Exercise — Word for word, repeat every record.

Supplied material —
■ ■ ■ ■
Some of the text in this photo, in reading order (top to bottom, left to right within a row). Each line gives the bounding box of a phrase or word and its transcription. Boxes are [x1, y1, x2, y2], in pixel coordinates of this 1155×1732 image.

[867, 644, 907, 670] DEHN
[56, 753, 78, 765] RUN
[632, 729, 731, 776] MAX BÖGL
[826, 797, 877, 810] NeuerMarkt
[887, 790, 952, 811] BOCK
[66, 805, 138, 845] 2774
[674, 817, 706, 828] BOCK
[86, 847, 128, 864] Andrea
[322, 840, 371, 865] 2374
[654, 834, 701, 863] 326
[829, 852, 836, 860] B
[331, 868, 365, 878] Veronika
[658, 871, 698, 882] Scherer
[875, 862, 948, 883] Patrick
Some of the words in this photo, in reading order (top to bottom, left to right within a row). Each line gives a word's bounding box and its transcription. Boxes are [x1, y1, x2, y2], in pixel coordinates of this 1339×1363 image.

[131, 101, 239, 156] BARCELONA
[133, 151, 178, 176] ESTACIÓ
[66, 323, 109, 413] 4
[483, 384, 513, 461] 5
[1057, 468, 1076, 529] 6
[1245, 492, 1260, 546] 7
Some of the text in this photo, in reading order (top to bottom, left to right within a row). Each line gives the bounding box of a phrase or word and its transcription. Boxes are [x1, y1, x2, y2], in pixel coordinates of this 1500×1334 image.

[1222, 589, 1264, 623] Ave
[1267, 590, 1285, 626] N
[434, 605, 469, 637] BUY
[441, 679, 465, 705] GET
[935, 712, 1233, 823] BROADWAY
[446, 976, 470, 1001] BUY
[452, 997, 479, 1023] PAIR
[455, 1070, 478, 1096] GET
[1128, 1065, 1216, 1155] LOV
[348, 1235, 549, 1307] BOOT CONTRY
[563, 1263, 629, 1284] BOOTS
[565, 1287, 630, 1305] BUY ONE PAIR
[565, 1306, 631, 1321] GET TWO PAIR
■ ■ ■ ■
Written solution —
Some of the text in this photo, in reading order (top to bottom, left to right within a row). Each line gives the bounding box of a phrase or word and its transcription. Boxes are [x1, y1, x2, y2], in pixel coordinates of this 1155×1732 image.

[867, 644, 907, 670] DEHN
[56, 753, 78, 765] RUN
[632, 729, 731, 776] MAX BÖGL
[826, 797, 877, 810] NeuerMarkt
[887, 790, 952, 811] BOCK
[66, 805, 138, 845] 2774
[674, 817, 706, 828] BOCK
[86, 847, 128, 864] Andrea
[322, 840, 371, 865] 2374
[654, 834, 701, 863] 326
[829, 852, 836, 860] B
[331, 868, 365, 878] Veronika
[658, 871, 698, 882] Scherer
[875, 862, 948, 883] Patrick
Some of the words in this photo, in reading order (top to bottom, left to right within a row). Each line gives a word's bounding box and its transcription. Boxes are [x1, y1, x2, y2], in pixel coordinates of this 1339×1363 image.

[131, 101, 239, 156] BARCELONA
[133, 151, 178, 176] ESTACIÓ
[66, 323, 109, 413] 4
[483, 384, 513, 461] 5
[1057, 468, 1076, 529] 6
[1245, 492, 1260, 546] 7
Some of the text in this photo, in reading order (top to bottom, left to right within a row). Each line gives the bounding box of a phrase or word and its transcription. Boxes are [x1, y1, x2, y2], in pixel coordinates of this 1500×1334 image.

[1222, 589, 1264, 623] Ave
[1267, 590, 1285, 626] N
[434, 605, 469, 637] BUY
[441, 679, 465, 705] GET
[935, 712, 1233, 823] BROADWAY
[446, 976, 470, 1001] BUY
[452, 997, 479, 1023] PAIR
[455, 1070, 478, 1096] GET
[1128, 1065, 1216, 1155] LOV
[348, 1235, 549, 1307] BOOT CONTRY
[563, 1263, 629, 1284] BOOTS
[565, 1287, 630, 1305] BUY ONE PAIR
[565, 1306, 631, 1321] GET TWO PAIR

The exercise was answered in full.